The study provides insights into the phenomenon known as polytypism, which enables the formation of RHCP and other close-packed structures. A representative material with polytypism is silicon carbide, widely used for high-voltage electronics in electric vehicles and as hard materials for body armor. Lee’s team’s findings indicate that those polytypic materials may have continuous structural transitions, including the non-classical random arrangements with new useful properties.
“The problem of how soft particles pack seems straightforward, but even the most basic questions are challenging to answer,” said Kevin Dorfman of the University of Minnesota-Twin Cities, who is unaffiliated with this research. “This paper provides compelling evidence for a continuous transition between face-centered cubic (FCC) and hexagonal close-packed (HCP) lattices, which implies a stable random hexagonal close-packed phase between them and, thus, makes an important breakthrough in materials science.”
“I am particularly pleased with this discovery, which shows the power of advanced computation to make an important breakthrough in materials science by decoding the molecular level structures in soft materials,” said Shekhar Garde, dean of Rensselaer’s School of Engineering. “Lee and Underhill’s work at Rensselaer also promises to open up opportunities for many technological applications for these new materials.”

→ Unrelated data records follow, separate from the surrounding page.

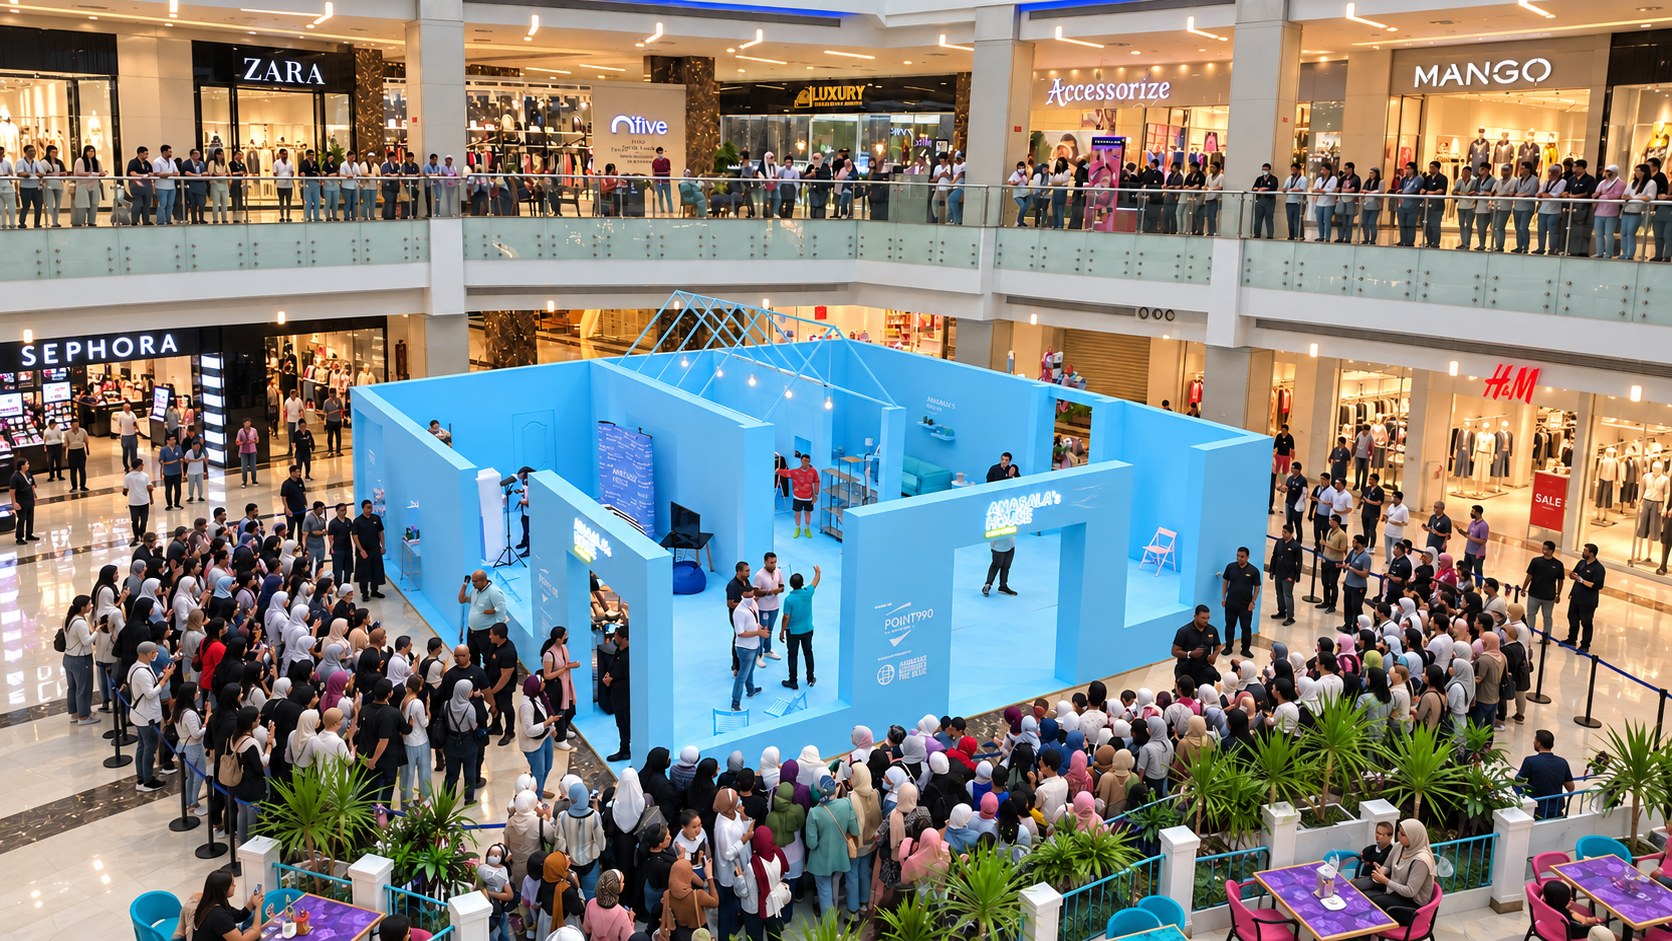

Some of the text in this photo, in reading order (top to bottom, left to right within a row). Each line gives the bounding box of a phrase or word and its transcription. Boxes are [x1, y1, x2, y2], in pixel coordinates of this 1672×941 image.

[244, 57, 326, 84] ZARA
[1414, 58, 1552, 87] MANGO
[812, 86, 866, 100] LUXURY
[1045, 78, 1171, 107] Accessorize
[21, 333, 178, 367] SEPHORA
[1483, 363, 1540, 404] H&M
[1535, 493, 1562, 507] SALE
[884, 608, 934, 630] POINT990

Reference: “Continuous transition of colloidal crystals through stable random orders” by Juhong Ahn, Liwen Chen, Patrick T. Underhill, Guillaume Freychet, Mikhail Zhernenkovc and Sangwoo Lee, 14 April 2023, Soft Matter.
DOI: 10.1039/D3SM00199G
Lee and Underhill were joined in research by Rensselaer’s Juhong Ahn, Liwen Chen of the University of Shanghai for Science and Technology, and Guillaume Freychet and Mikhail Zhernenkov of Brookhaven National Laboratory.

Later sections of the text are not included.